◆ What you are asked to do
Please write out every line of the listing without alteration, but omit the images.

★ ★ ★ ★

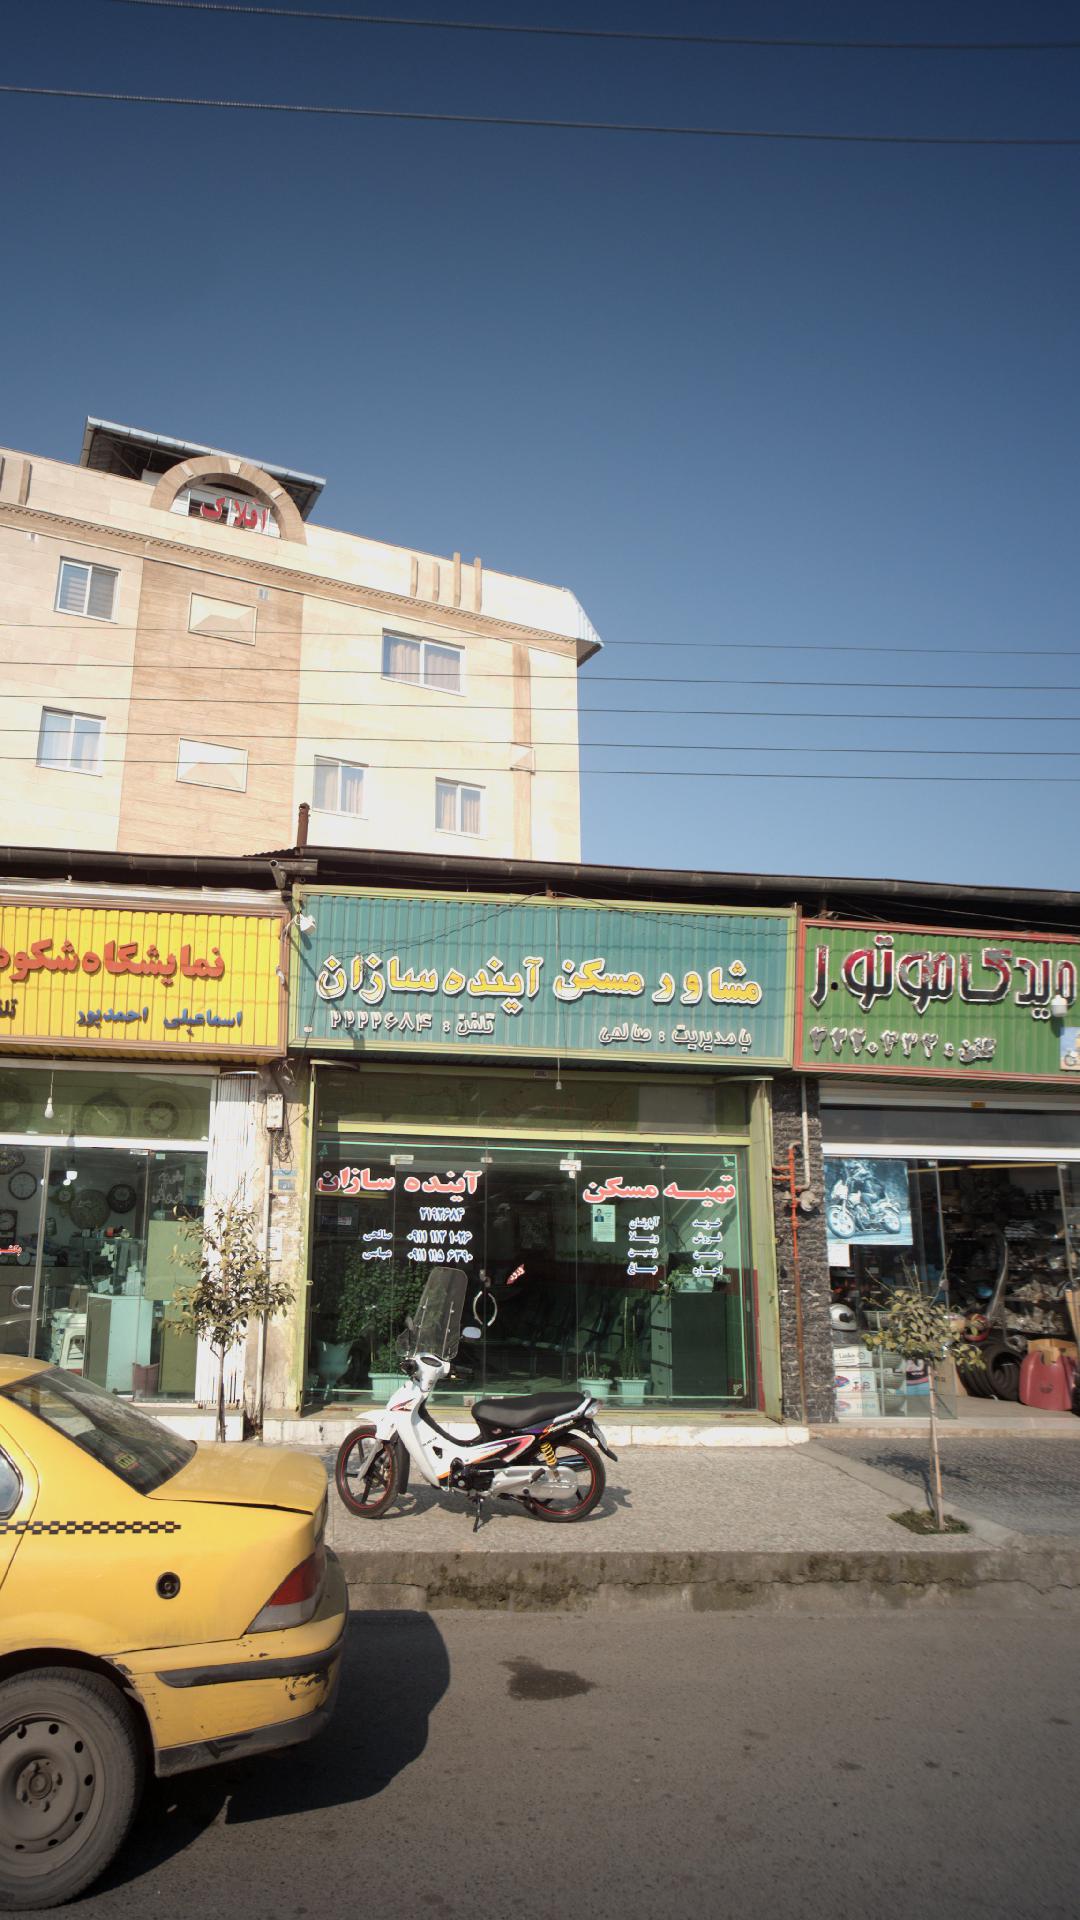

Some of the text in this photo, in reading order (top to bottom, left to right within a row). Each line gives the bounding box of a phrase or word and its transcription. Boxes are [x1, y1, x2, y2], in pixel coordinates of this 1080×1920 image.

[200, 496, 269, 532] افلاک
[82, 940, 225, 986] نمایشگاه
[809, 935, 955, 1014] موتور
[316, 953, 762, 1014] مشاور مسکن آینده سازان
[164, 1008, 242, 1035] اسماعیلی
[456, 1012, 496, 1036] تلفن
[599, 1022, 652, 1042] صالحی
[316, 1167, 395, 1194] سازان
[404, 1170, 482, 1202] آینده
[583, 1174, 736, 1207] تهیه مسکن
[363, 1229, 393, 1241] صالحی
[628, 1215, 660, 1230] آپارتمان
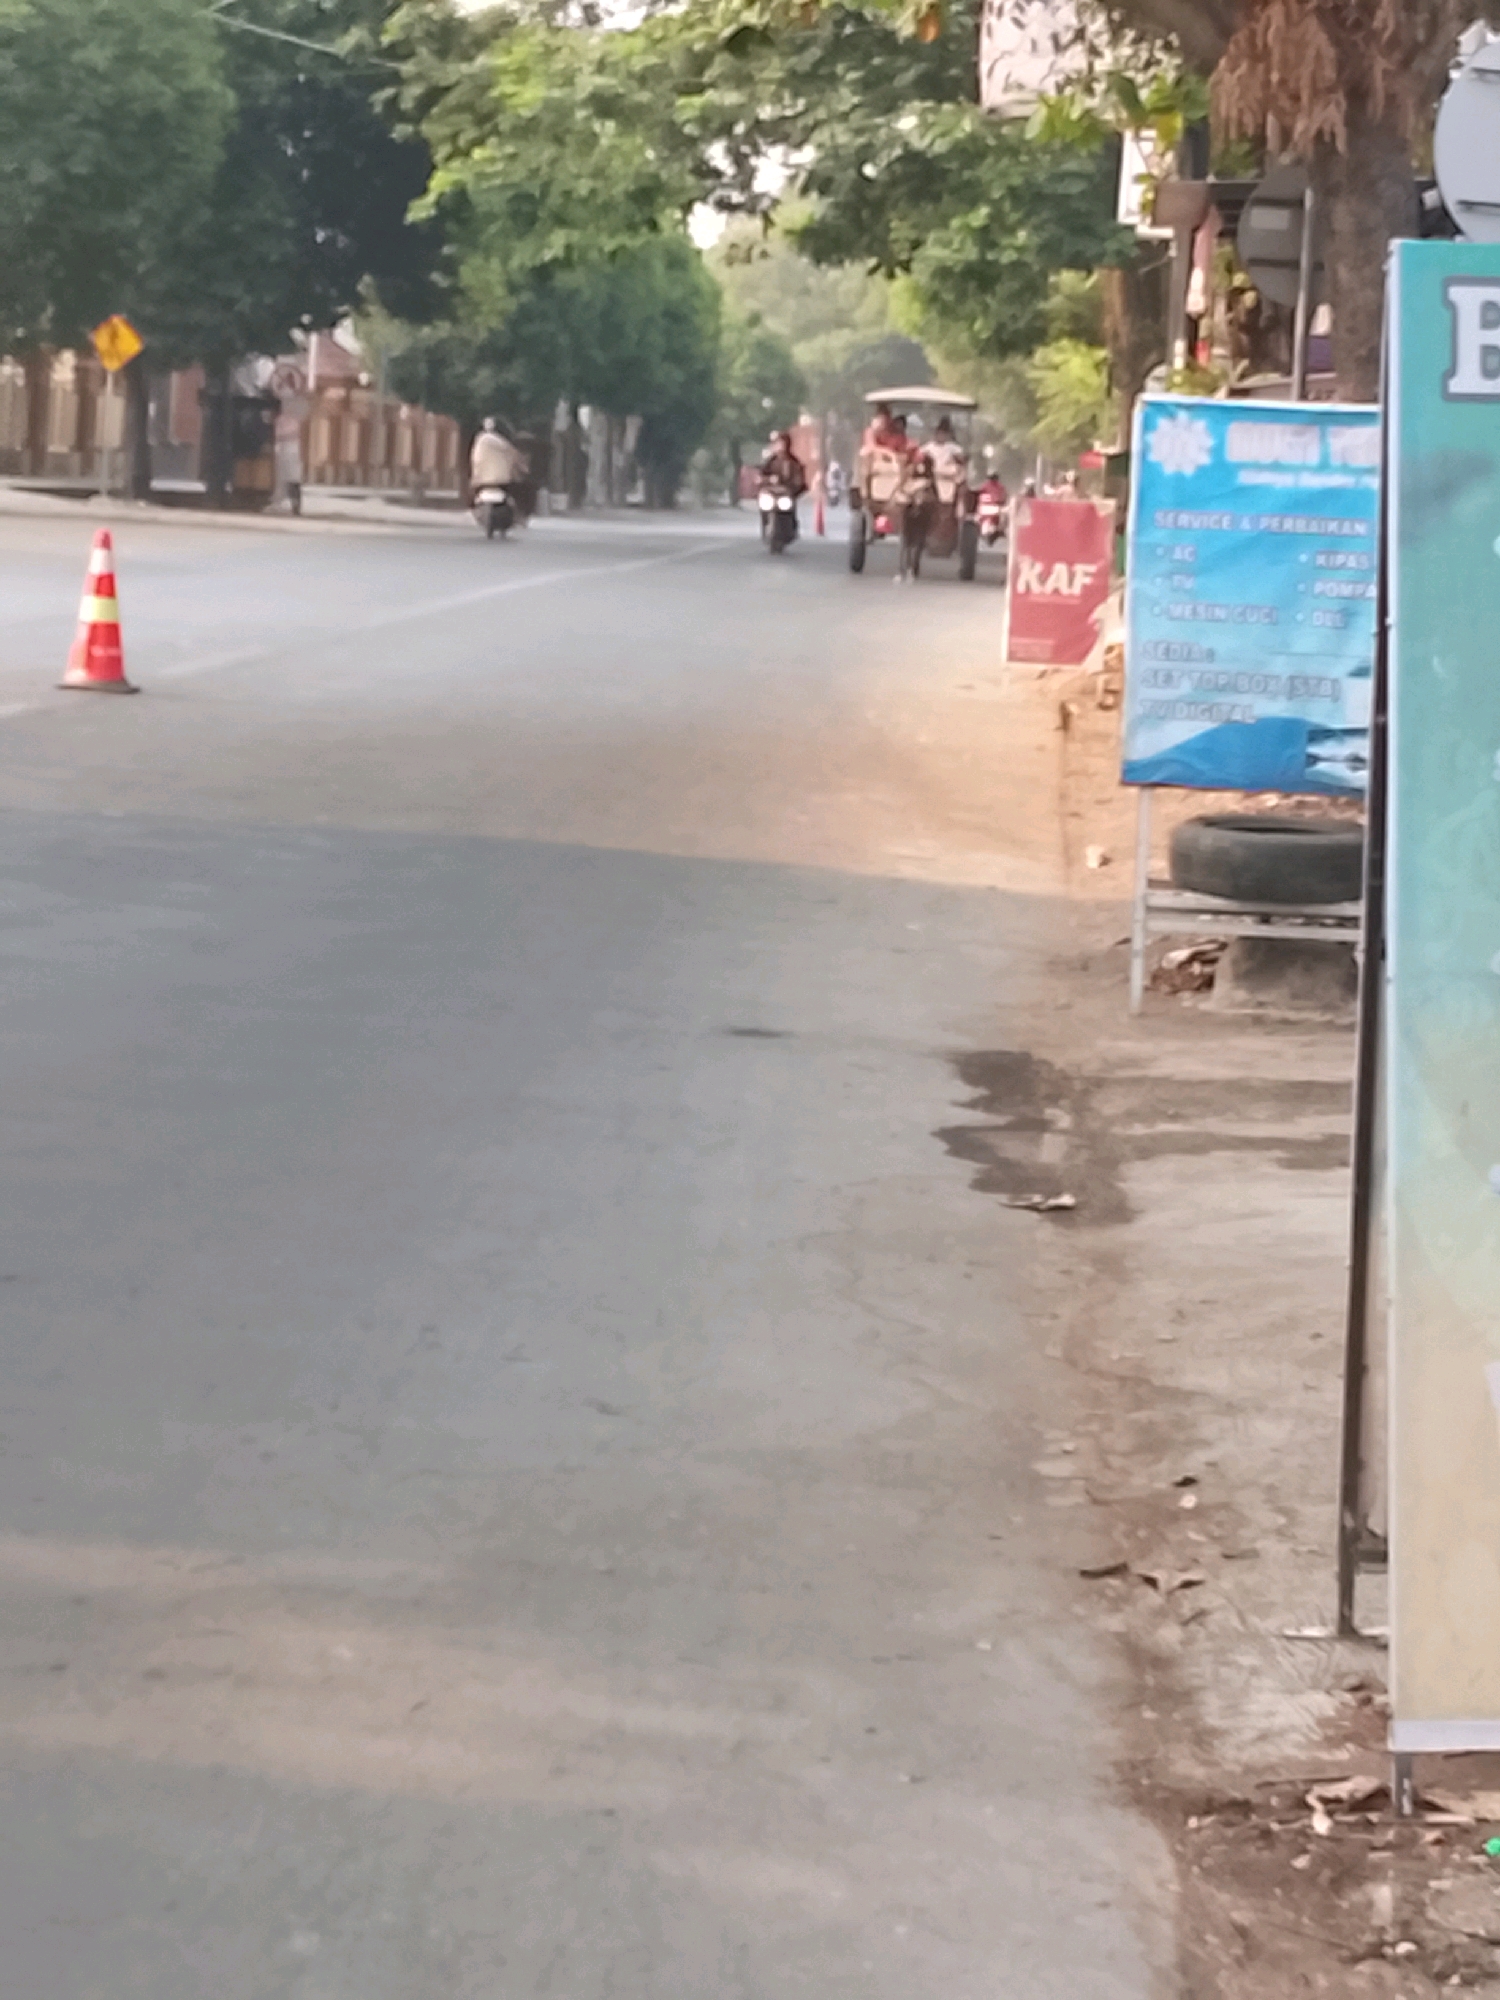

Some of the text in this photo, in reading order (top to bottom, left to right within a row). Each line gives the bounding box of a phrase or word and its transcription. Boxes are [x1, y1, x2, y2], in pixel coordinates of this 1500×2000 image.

[1155, 511, 1232, 530] SERVICE
[1258, 515, 1368, 536] PERBAIKAN
[1172, 545, 1195, 562] AC
[1316, 553, 1369, 569] KIPAS
[1016, 559, 1098, 596] KAF
[1169, 604, 1277, 623] MESIN CUCI
[1189, 672, 1230, 691] TOP
[1234, 673, 1281, 694] BOX
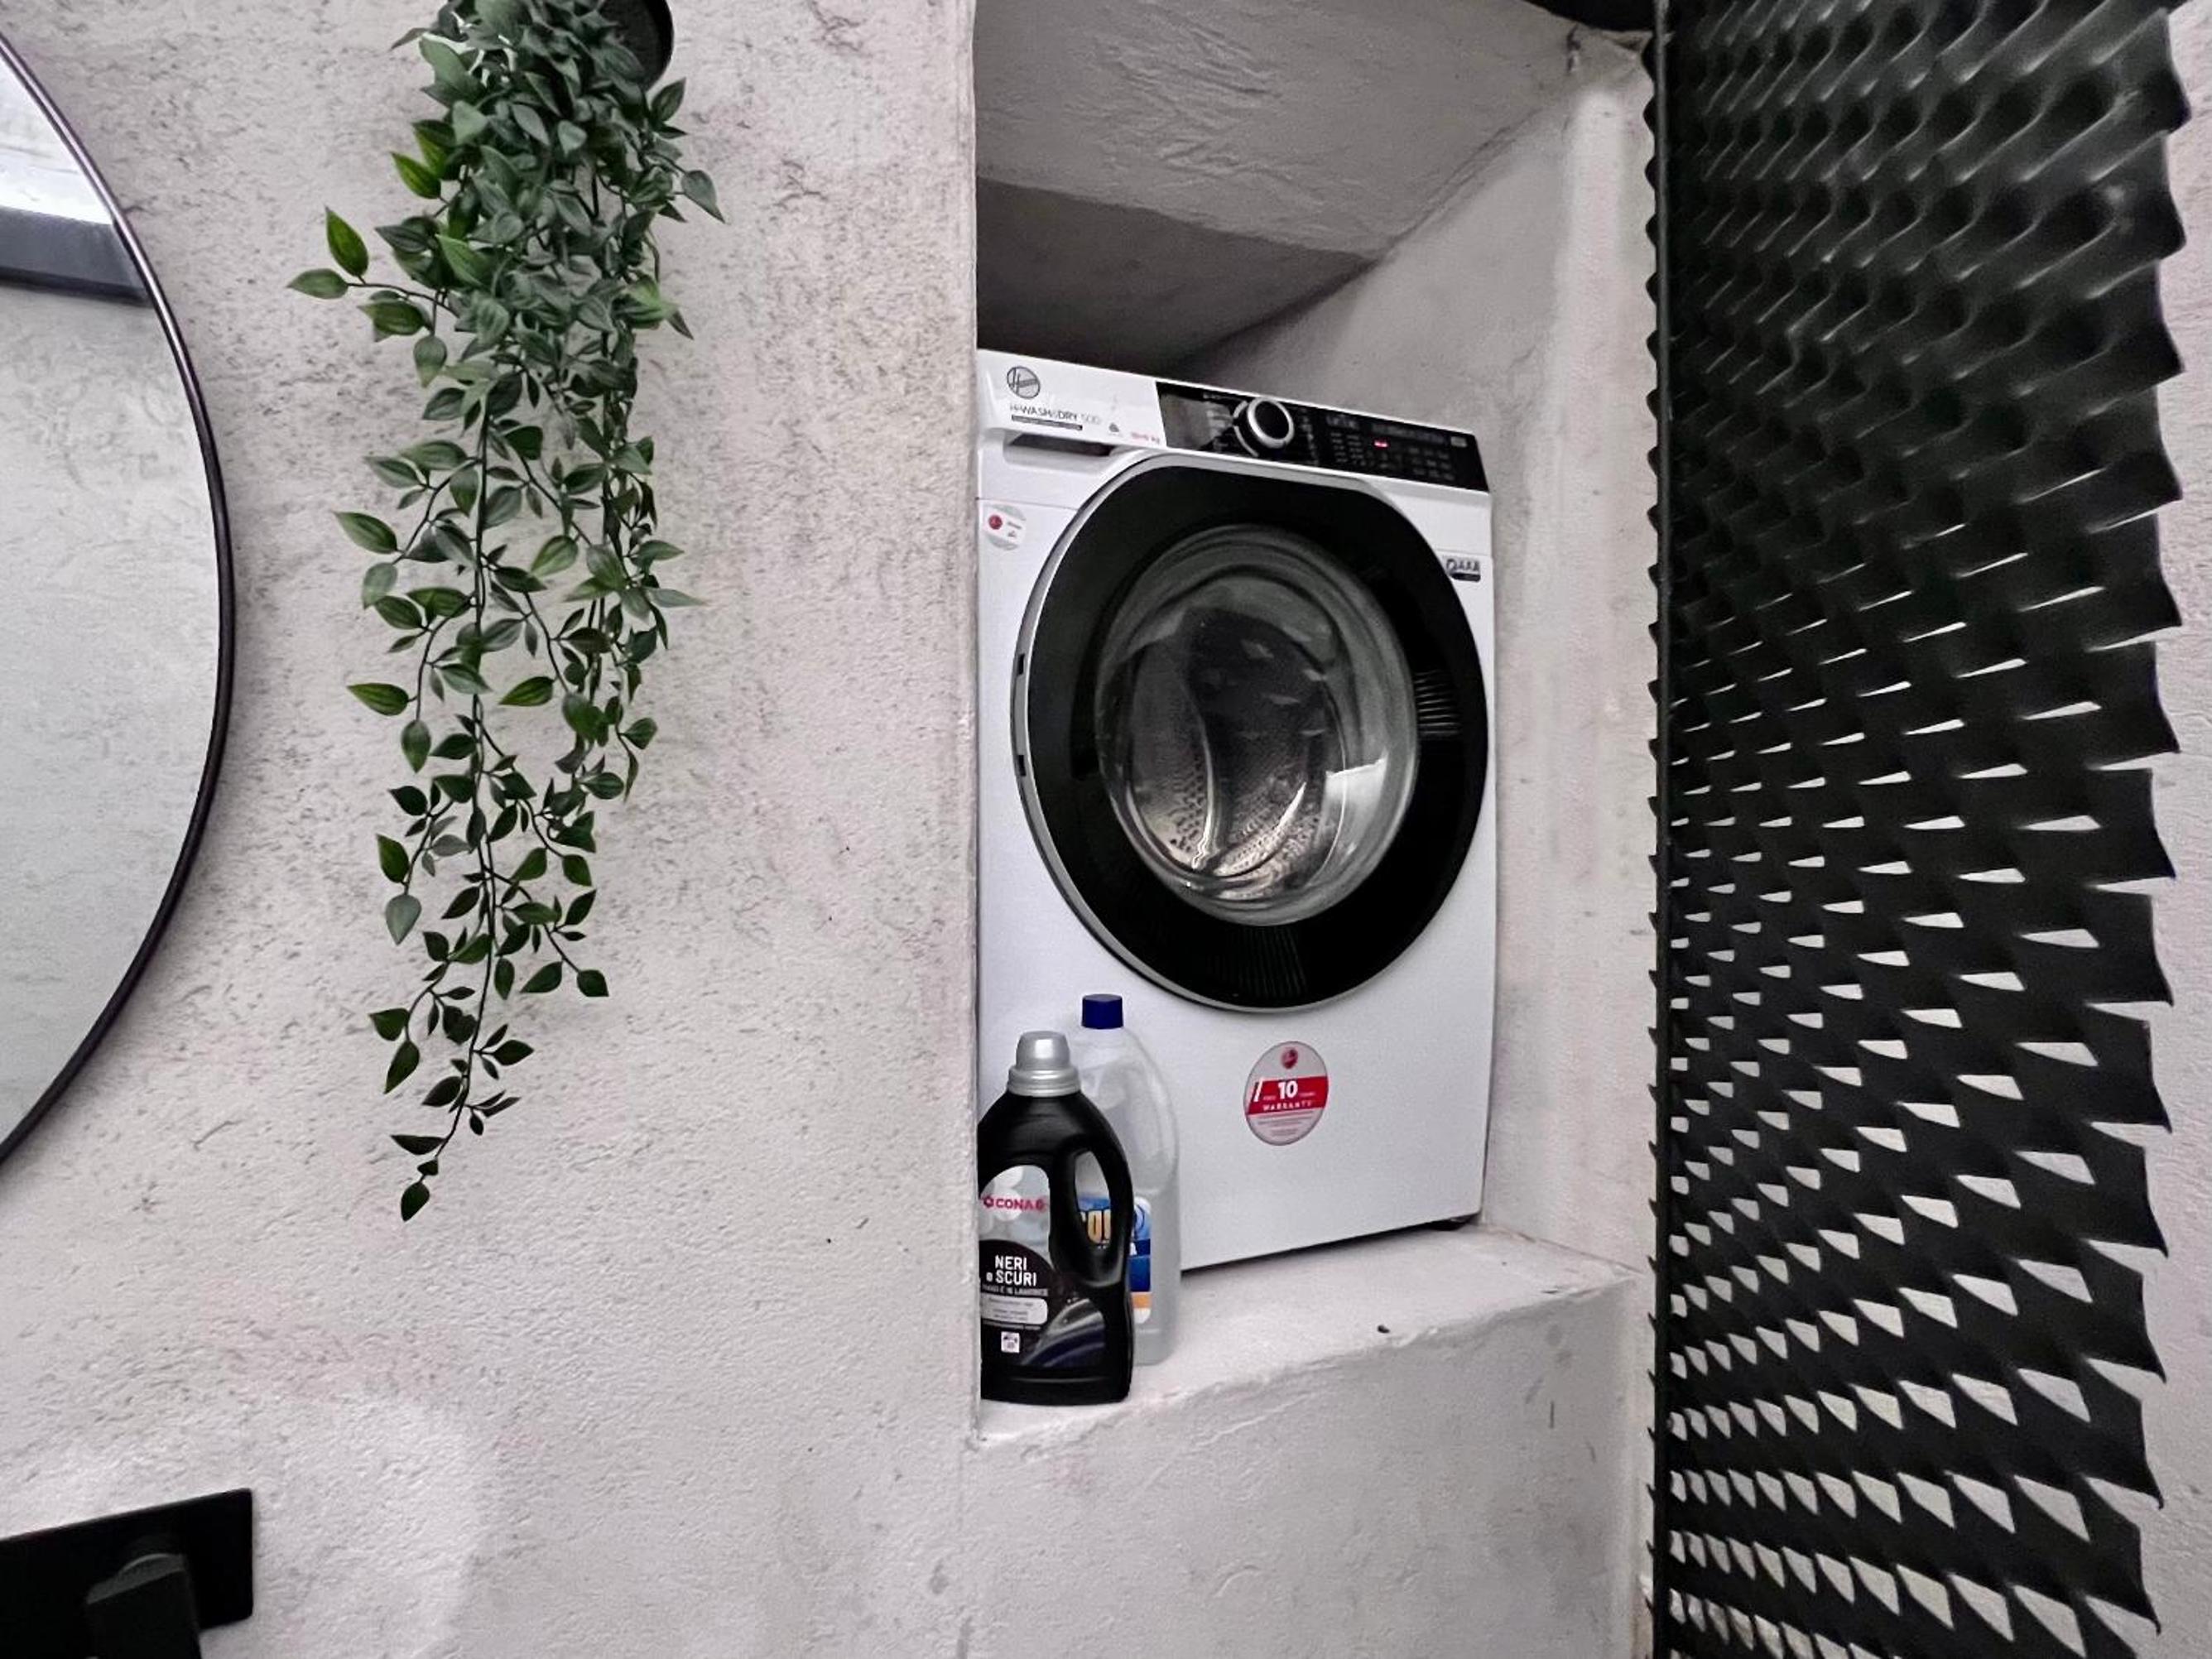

★ ★ ★ ★

◆ Task solution
Some of the text in this photo, in reading order (top to bottom, left to right within a row). Each line gives the bounding box of a phrase or word and its transcription. Boxes are [x1, y1, x2, y2], in pixel coordinates of this 1080×1920 image.

[200, 496, 269, 532] افلاک
[82, 940, 225, 986] نمایشگاه
[809, 935, 955, 1014] موتور
[316, 953, 762, 1014] مشاور مسکن آینده سازان
[164, 1008, 242, 1035] اسماعیلی
[456, 1012, 496, 1036] تلفن
[599, 1022, 652, 1042] صالحی
[316, 1167, 395, 1194] سازان
[404, 1170, 482, 1202] آینده
[583, 1174, 736, 1207] تهیه مسکن
[363, 1229, 393, 1241] صالحی
[628, 1215, 660, 1230] آپارتمان

Some of the text in this photo, in reading order (top to bottom, left to right within a row). Each line gives the bounding box of a phrase or word and its transcription. Boxes are [x1, y1, x2, y2], in pixel coordinates of this 1500×2000 image.

[1155, 511, 1232, 530] SERVICE
[1258, 515, 1368, 536] PERBAIKAN
[1172, 545, 1195, 562] AC
[1316, 553, 1369, 569] KIPAS
[1016, 559, 1098, 596] KAF
[1169, 604, 1277, 623] MESIN CUCI
[1189, 672, 1230, 691] TOP
[1234, 673, 1281, 694] BOX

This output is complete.